Just for fun: it is enough to exploit the prime number theorem $\pi(n)\sim\frac{n}{\log n}$. Legendre's theorem on $\nu_p(n!)$ ensures
$$ n! = \prod_{p\leq n} p^{\lfloor\frac{n}{p}\rfloor+\lfloor\frac{n}{p^2}\rfloor+\ldots}\leq \prod_{p\leq n}p^{\frac{n}{p-1}} $$
which is a rather crude bound, but already sufficient:
$$ \log(n!) \leq n\sum_{p\leq n}\frac{\log(p)}{p-1}=n\sum_{m\leq n}\mathbb{1}_p(m)\frac{\log m}{m-1}\stackrel{\text{SBP}}{=}\underbrace{n\pi(n)\frac{\log n}{n-1}}_{O(n)}+n\sum_{m\leq n-1}\pi(m)\left[\frac{\log m}{m-1}-\frac{\log(m+1)}{m}\right].$$
Here $\mathbb{1}_p$ is the characteristic function of primes, $\pi$ is the prime-counting function and $\text{SBP}$ stands for summation by parts.

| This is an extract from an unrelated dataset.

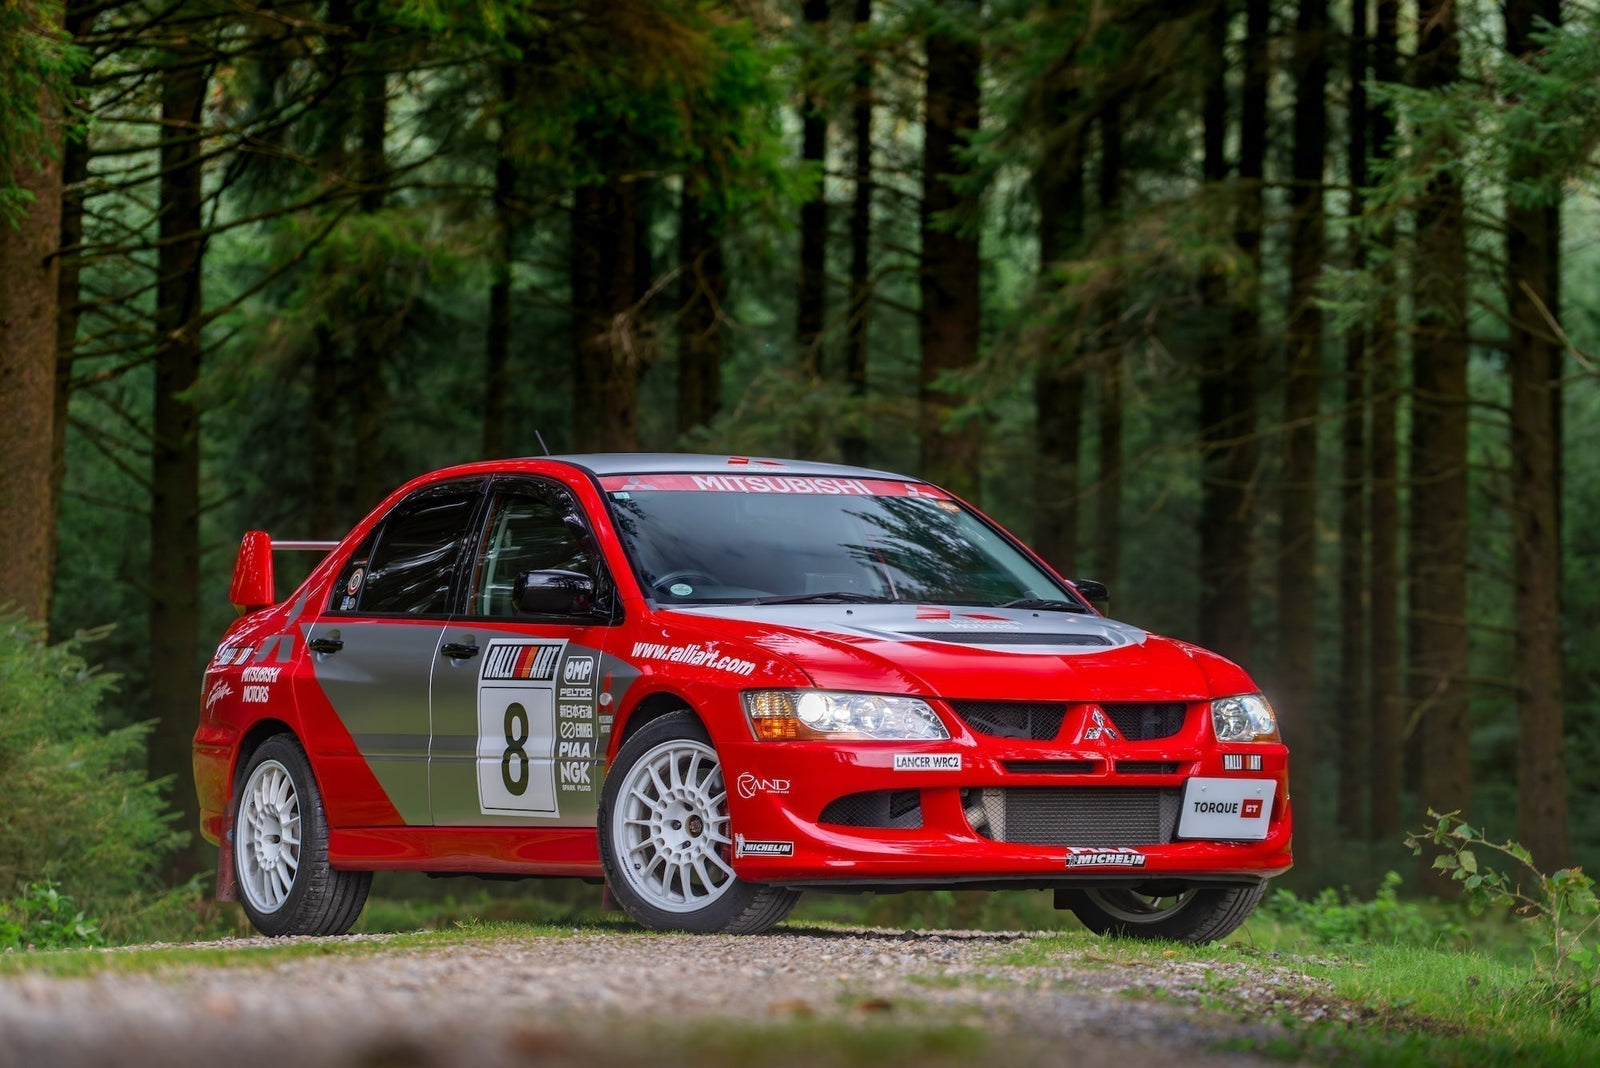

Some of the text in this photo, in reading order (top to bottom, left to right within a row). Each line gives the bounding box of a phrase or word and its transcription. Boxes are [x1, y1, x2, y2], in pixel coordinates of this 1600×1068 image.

In the last sum the main term behaves like $\frac{1}{m}+O\left(\frac{\log m}{m^2}\right)$, hence
$$\log(n!) = O(n)+n\sum_{m\leq n-1}\frac{1}{m} =n\log(n)+O(n).$$
Of course this is extreme cheating: historically speaking, weak forms of the PNT were derived from the asymptotics for $n!$ or $\binom{2n}{n}$, while here we performed just the opposite. A more elementary approach is to consider that
$$ \frac{4^n}{\sqrt{n+1}}<\binom{2n}{n}=\frac{(2n)!}{n!^2}<4^n $$
where the inequality on the right is trivial and the inequality on the left follows from $\binom{2n}{n}=\sum_{k=0}^{n}\binom{n}{k}^2$ and Cauchy-Schwarz. By the theory of moments, the previous inequality holds for non-integer values of $n$, too, so by letting $L(n)=\log(n!)$ we have
$$ L(n)-2 L(n/2) < n\log(2), $$
$$ 2L(n/2)- 4L(n/4) < n\log(2), $$
$$ 4L(n/4)- 8 L(n/8) < n\log(2), $$
$$ \ldots $$
and
$$ L(n) - 2^k L\left(\frac{n}{2^k}\right) \leq kn\log(2). $$
By picking $k\approx \log_2(n)=\frac{\log(n)}{\log(2)}$ the claim $L(n)\sim n\log n$ is proved.